* _Your instructions_
A verbatim copy of the records below, pictures omitted, is the task.

* _Supplied data_
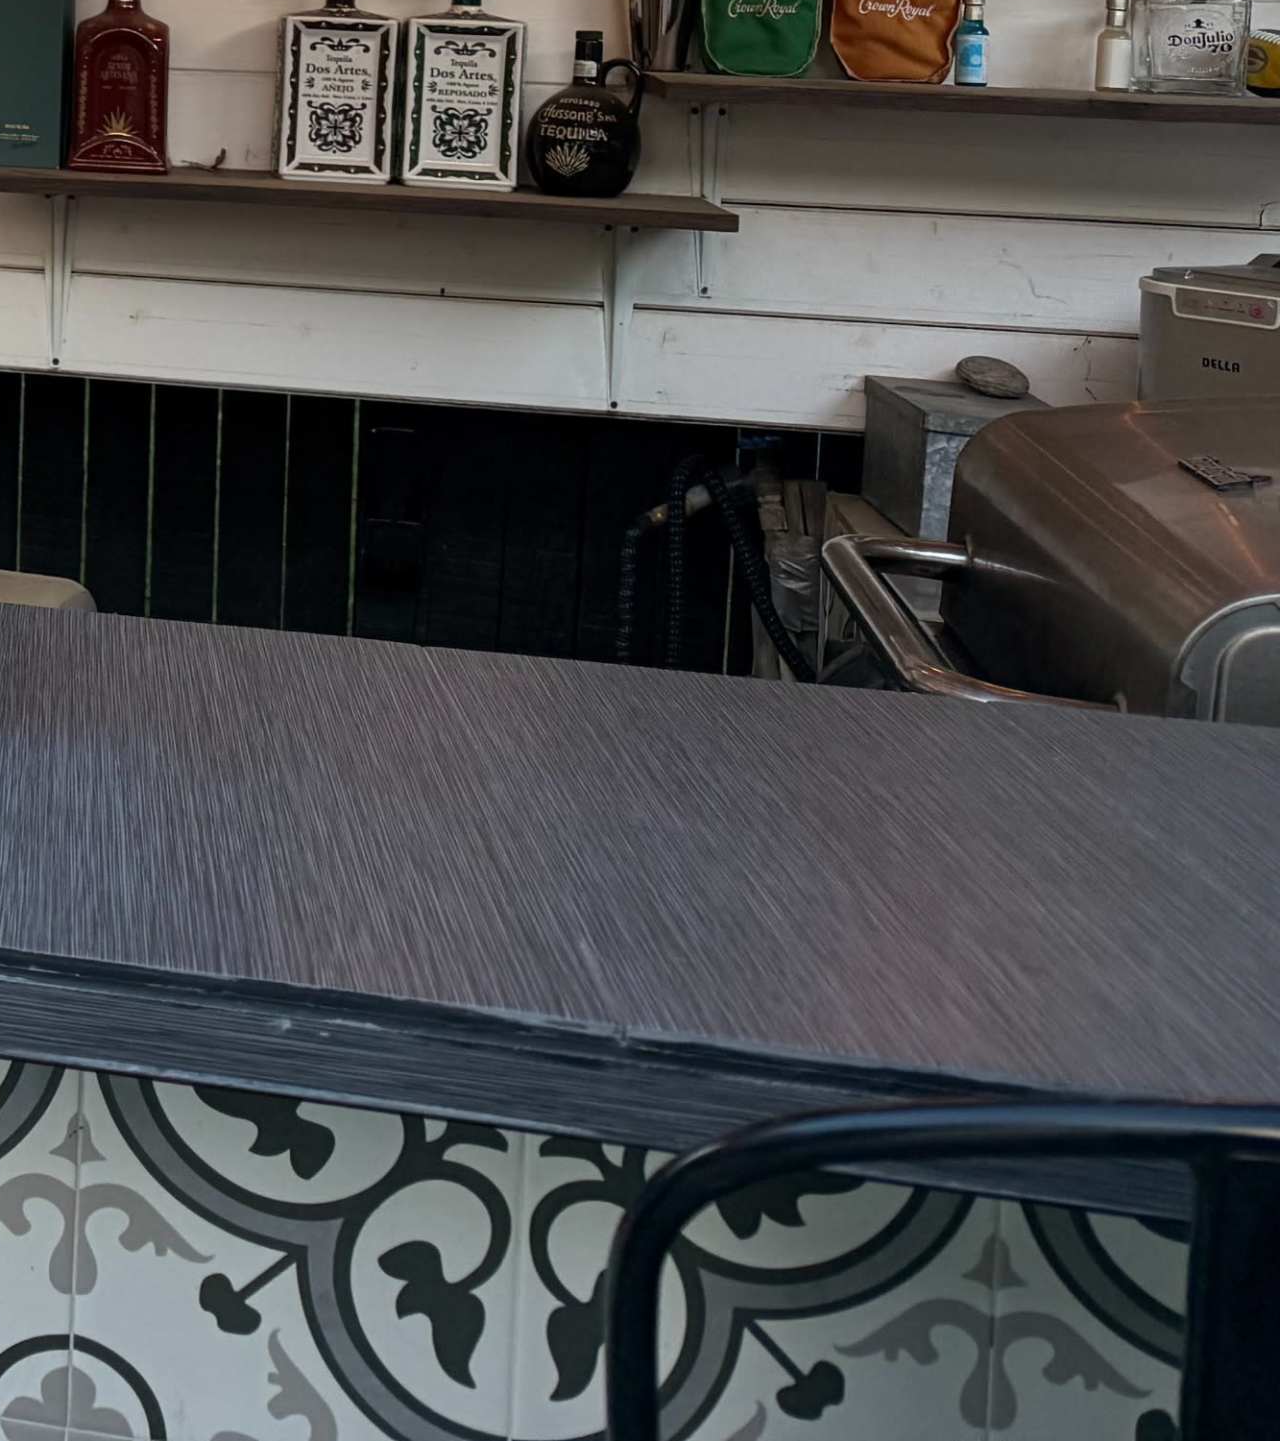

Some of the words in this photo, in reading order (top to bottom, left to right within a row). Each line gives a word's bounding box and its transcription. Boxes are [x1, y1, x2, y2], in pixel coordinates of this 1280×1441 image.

[326, 54, 353, 64] Tequila
[450, 58, 478, 68] Tequila
[305, 63, 330, 74] Dos
[430, 67, 456, 79] Dos
[437, 88, 487, 98] REPOSADO
[1201, 357, 1241, 373] DELLA

* _Completed task_
Some of the words in this photo, in reading order (top to bottom, left to right within a row). Each line gives a word's bounding box and its transcription. Boxes are [x1, y1, x2, y2], in pixel coordinates of this 1280×1441 image.

[326, 54, 353, 64] Tequila
[450, 58, 478, 68] Tequila
[305, 63, 330, 74] Dos
[430, 67, 456, 79] Dos
[437, 88, 487, 98] REPOSADO
[1201, 357, 1241, 373] DELLA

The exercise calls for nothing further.